Inflation au Maroc: la hausse des prix se confirme au deuxième trimestre 2026

Inflation au Maroc

L’inflation au Maroc a renoué avec une tendance haussière au deuxième trimestre 2026, selon les dernières estimations du Haut-Commissariat au Plan, avec une progression de 1,1% en glissement annuel. Cette remontée, portée surtout par l’énergie et par le reflux moins marqué des prix alimentaires, relance les interrogations sur la trajectoire du pouvoir d’achat dans les prochains mois.

Une reprise tirée par l’énergie

Le principal moteur de cette accélération reste la hausse des coûts énergétiques, en particulier les carburants, qui ont pesé davantage sur les dépenses de transport et sur les charges supportées par les ménages comme par les entreprises.
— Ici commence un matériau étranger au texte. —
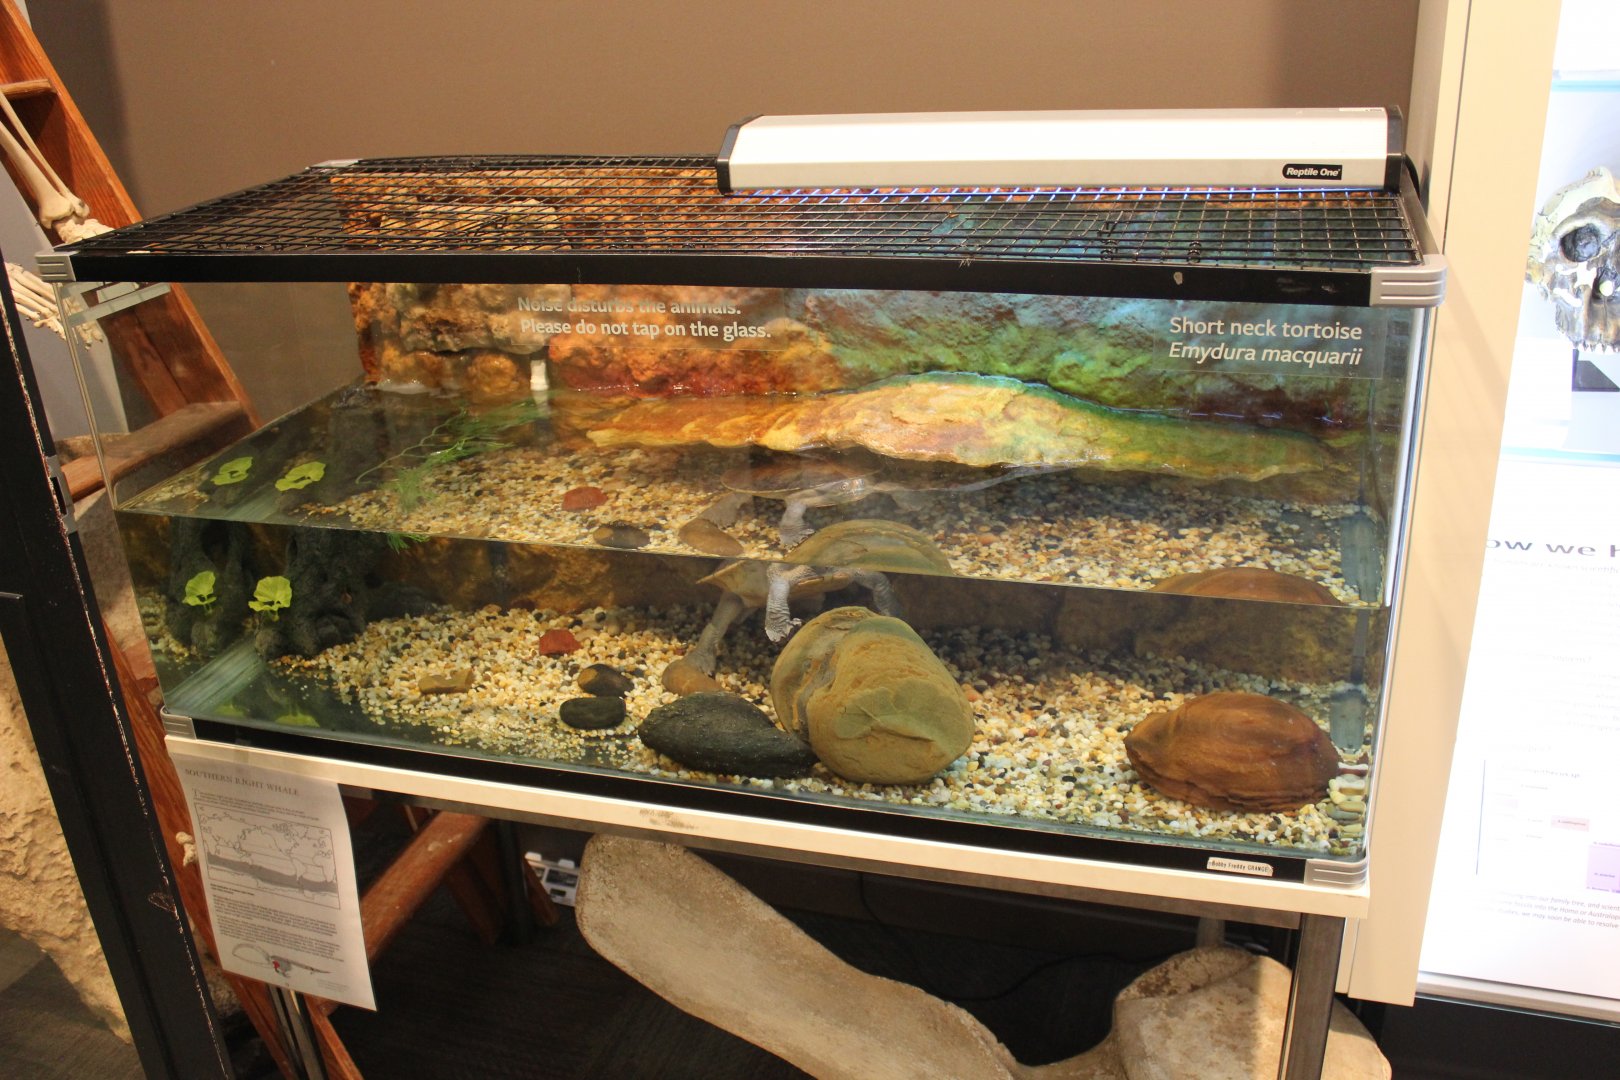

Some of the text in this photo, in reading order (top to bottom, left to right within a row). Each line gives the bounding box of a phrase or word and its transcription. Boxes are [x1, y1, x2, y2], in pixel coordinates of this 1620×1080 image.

Le HCP estime que la contribution des carburants à l’évolution générale des prix a atteint près de 0,8 point, ce qui a nettement soutenu l’inflation des produits non alimentaires.

Dans le détail, les produits non alimentaires auraient progressé de 2,5% sur un an, contre 0,7% au trimestre précédent, signe d’un regain de pression sur plusieurs postes de dépense du quotidien. Cette évolution intervient dans un contexte international toujours sensible aux tensions sur les matières premières énergétiques.

Les prix alimentaires freinent encore

Les produits alimentaires continuent de jouer un rôle d’amortisseur, mais cet effet devient moins visible. Leur baisse se serait limitée à 0,7%, contre 1,1% au trimestre précédent, en raison notamment de la remontée des prix des viandes rouges.

Cette évolution réduit l’effet modérateur observé ces derniers mois sur le panier de consommation des ménages. Elle montre aussi que la détente alimentaire, lorsqu’elle existe, reste fragile et inégale selon les catégories de produits.

Une inflation sous-jacente plus lisible

L’inflation sous-jacente, qui exclut les éléments les plus volatils, est elle aussi en légère remontée. Après un niveau de -1% au premier trimestre, elle serait revenue à -0,2%, traduisant une normalisation progressive des tensions sur les prix dans l’économie.

Ce signal reste compatible avec une inflation globalement contenue, mais il confirme que les chocs sur l’énergie continuent d’avoir des effets diffus sur l’ensemble des prix. En toile de fond, les marchés suivent de près l’évolution des cours mondiaux du pétrole et des produits dérivés.

Un signal à surveiller

La donnée du deuxième trimestre marque donc un tournant après plusieurs mois de ralentissement. La hausse reste modérée, mais elle rappelle la vulnérabilité de l’économie marocaine aux variations internationales de l’énergie, comme l’ont déjà montré les fluctuations récentes observées au printemps 2026.

À titre de contexte, les données de mai 2026 publiées par la Banque centrale indiquaient déjà une inflation annuelle de 1,2%, après 1,7% en avril, tandis que le HCP relevait une baisse mensuelle des carburants mais un maintien de pressions dans certains services et postes non alimentaires.

Perspectives économiques

Les prochains mois diront si cette reprise constitue un simple rebond technique ou le début d’une nouvelle phase de tension sur les prix. Tout dépendra à la fois de la trajectoire des marchés énergétiques internationaux et de la dynamique de la demande intérieure, deux variables qui orienteront directement les marges de manœuvre des ménages et des entreprises.